On Saturday, senior UML leader Madhav Kumar Nepal travelled across villages in Rautahat to find out the condition of flood-affected families. Nepal and several party leaders from the districts have been visiting various villages of the districts for the past five days to take stock of situation of the flood-affected families and provide required assistance. Rautahat, leader Nepal’s home district, is one of the worst flood-hit districts.
Like Nepal, several other leaders from the main opposition UML including Maoist Center Chairman Pushpa Kamal Dahal and NC leader Bimalendra Nidhi have intensified their district tours.
In order to woo voters in the upcoming polls, NC and Maoist Center have been separately mobilizing their central leaders, local leaders and the ministers from the respective parties to the affected districts with aid and material support.
Maoist Center Spokesperson Pampha Bhusal said that her party has been simultaneously helping the affected families and taking forward the polls campaign.
In the wake of the natural disaster, several leaders have been voluntarily helping their constituencies.

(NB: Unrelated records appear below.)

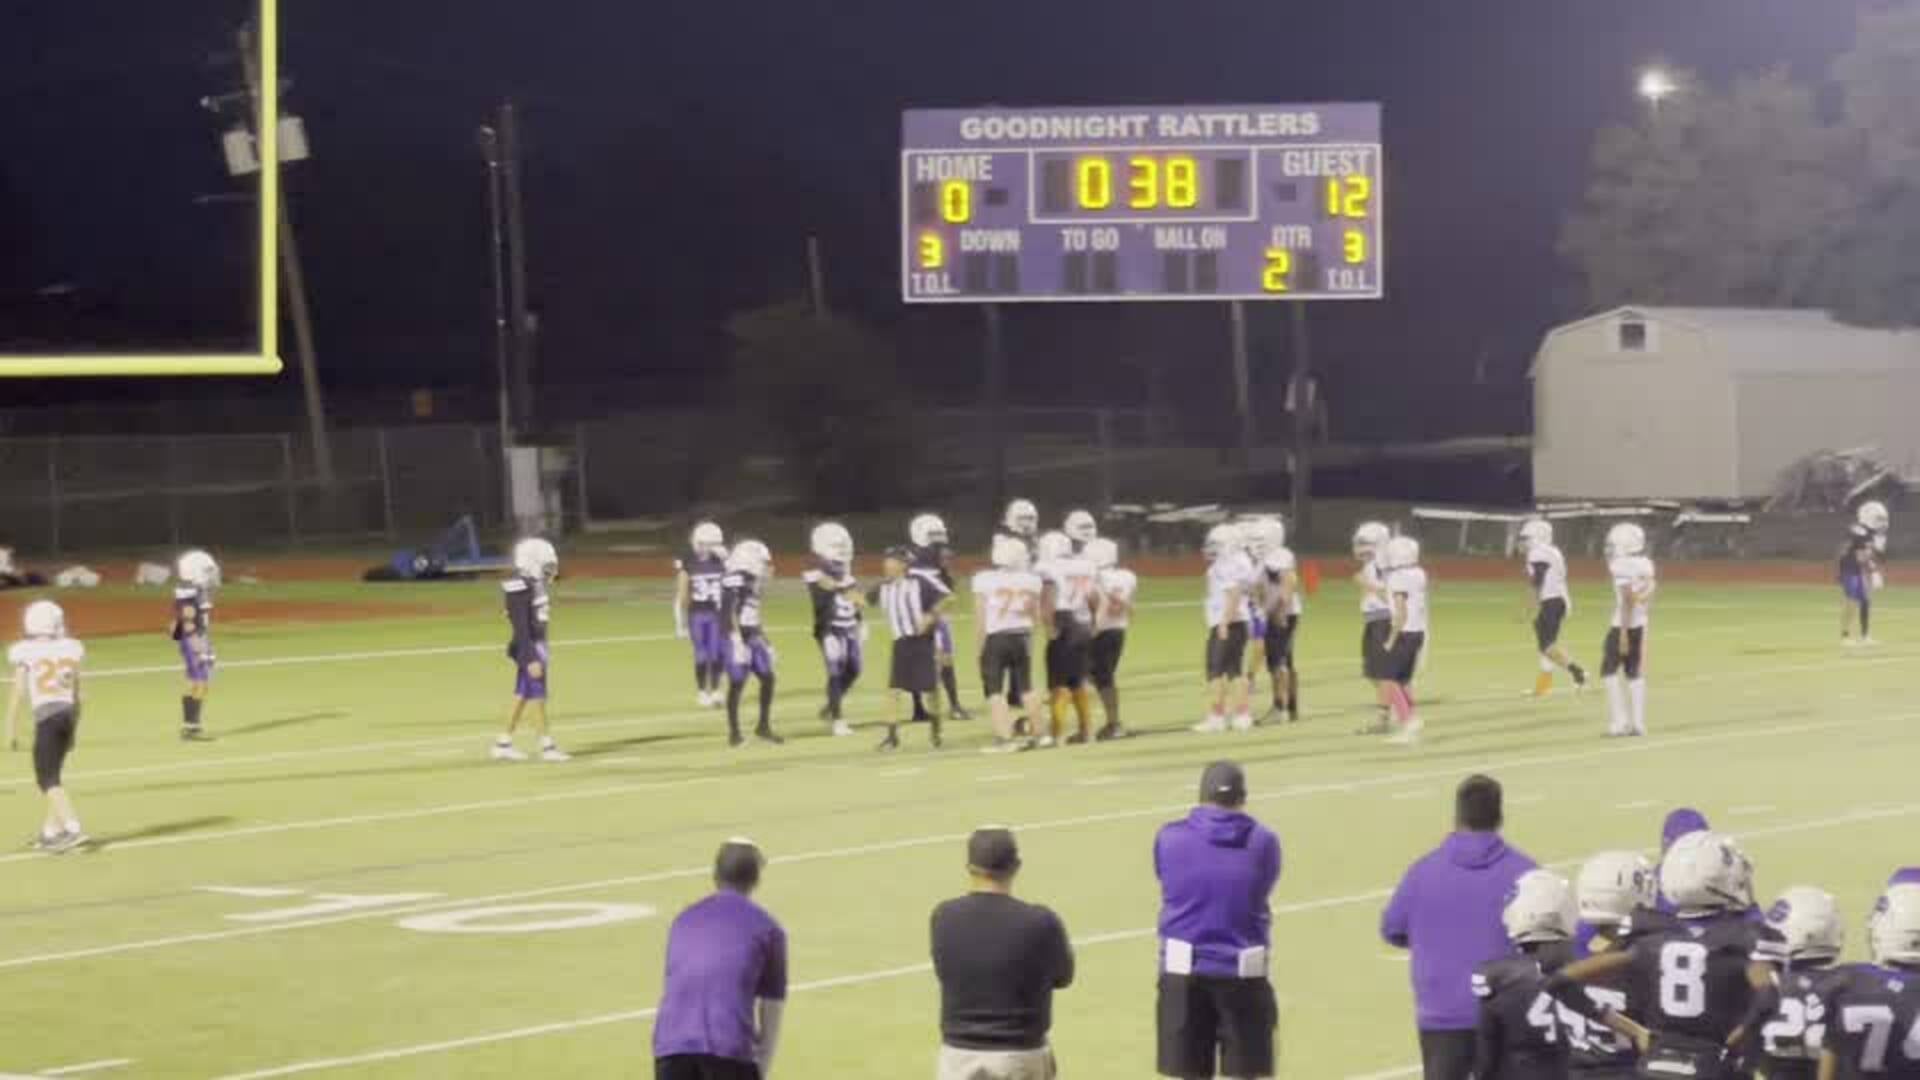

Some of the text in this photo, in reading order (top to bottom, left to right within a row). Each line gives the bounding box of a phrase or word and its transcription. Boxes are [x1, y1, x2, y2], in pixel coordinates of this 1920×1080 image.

[960, 112, 1320, 139] GOODNIGHT RATTLERS
[916, 155, 993, 181] HOME
[1283, 149, 1372, 177] GUEST
[1078, 156, 1197, 209] 0 38
[1327, 174, 1373, 218] 12
[942, 180, 971, 223] 0
[918, 231, 944, 268] 3
[960, 229, 1021, 252] DOWN
[1061, 227, 1119, 251] TO GO
[1154, 225, 1228, 249] BALL ON
[1343, 228, 1366, 264] 3
[1262, 246, 1292, 292] 2
[1659, 941, 1708, 1018] 8

NC leader Shekhar Koirala, who is also a medical doctor by profession, had ran mobile health check-up camps for the affected families in his home town Biratnagar.
Our reporters on ground said that the competition among parties to provide relief package have mostly benefited the flood victims but in some places it has created crisis of a sort due politicization in aid and relief distribution.
In many districts, parties and their representatives have been accused of providing undue favor to their cadres and sympathizers, while preventing genuine victims of aid and relief materials.